Texto e foto: NIT

Com o fim do estado de emergência a aproximar-se, o secretário de Estado da Saúde, António Lacerda Sales, garante que abril foi um mês decisivo na resposta de Portugal à pandemia. Porém, alerta que a luta ainda não acabou.

“Maio é determinante. Temos responsabilidades acrescidas de seguir ainda de forma mais premente as orientações da Direção-Geral da Saúde”, disse em seguida, acrescentando que o site oficial da DGS tem conselhos para a proteção dos cidadãos, seja em casa ou nos transportes públicos, assim como normas para as empresas.

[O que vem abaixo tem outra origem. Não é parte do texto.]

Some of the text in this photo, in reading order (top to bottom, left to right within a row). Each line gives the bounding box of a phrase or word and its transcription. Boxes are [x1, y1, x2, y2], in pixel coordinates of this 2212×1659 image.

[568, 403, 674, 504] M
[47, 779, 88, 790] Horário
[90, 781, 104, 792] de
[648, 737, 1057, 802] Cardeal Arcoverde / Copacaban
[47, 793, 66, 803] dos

O secretário de Estado da Saúde disse, também, que os cuidados continuam a ser necessários depois de 2 de maio. “O levantamento do estado de emergência obriga-nos ainda a estar mais alerta”, explicou, relembrando a importância da etiqueta respiratória e da lavagem frequente das mãos, entre outras medidas de proteção.

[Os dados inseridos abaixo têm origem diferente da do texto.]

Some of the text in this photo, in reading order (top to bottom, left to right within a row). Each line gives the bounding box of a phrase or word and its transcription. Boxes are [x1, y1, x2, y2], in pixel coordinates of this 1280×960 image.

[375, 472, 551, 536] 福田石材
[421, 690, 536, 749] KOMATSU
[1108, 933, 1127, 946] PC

Também a diretora-geral da Saúde, que esteve presente na conferência de imprensa desta quinta-feira, 30 de abril, reforçou esta ideia, ou seja, que o desconfinamento “não nos isenta de continuarmos a seguir medidas de prevenção”.

“Devemos usar um conjunto de medidas”, disse Graça Freitas, alertando também para a necessidade de estarmos atentos às características das máscaras comunitárias. Segundo a diretora-geral da Saúde, algumas são de uso único, outras terão reutilização, mas, ainda assim, “nem todas poderão ser reutilizadas o mesmo número de vezes”. E continuou: “Temos de estar atentos às indicações dos produtores.”

Sobre as máscaras, António Lacerda Sales avançou que foi feita uma encomenda de mais de 12 milhões de máscaras FFP2, sendo que foram já entregues cerca de cinco milhões.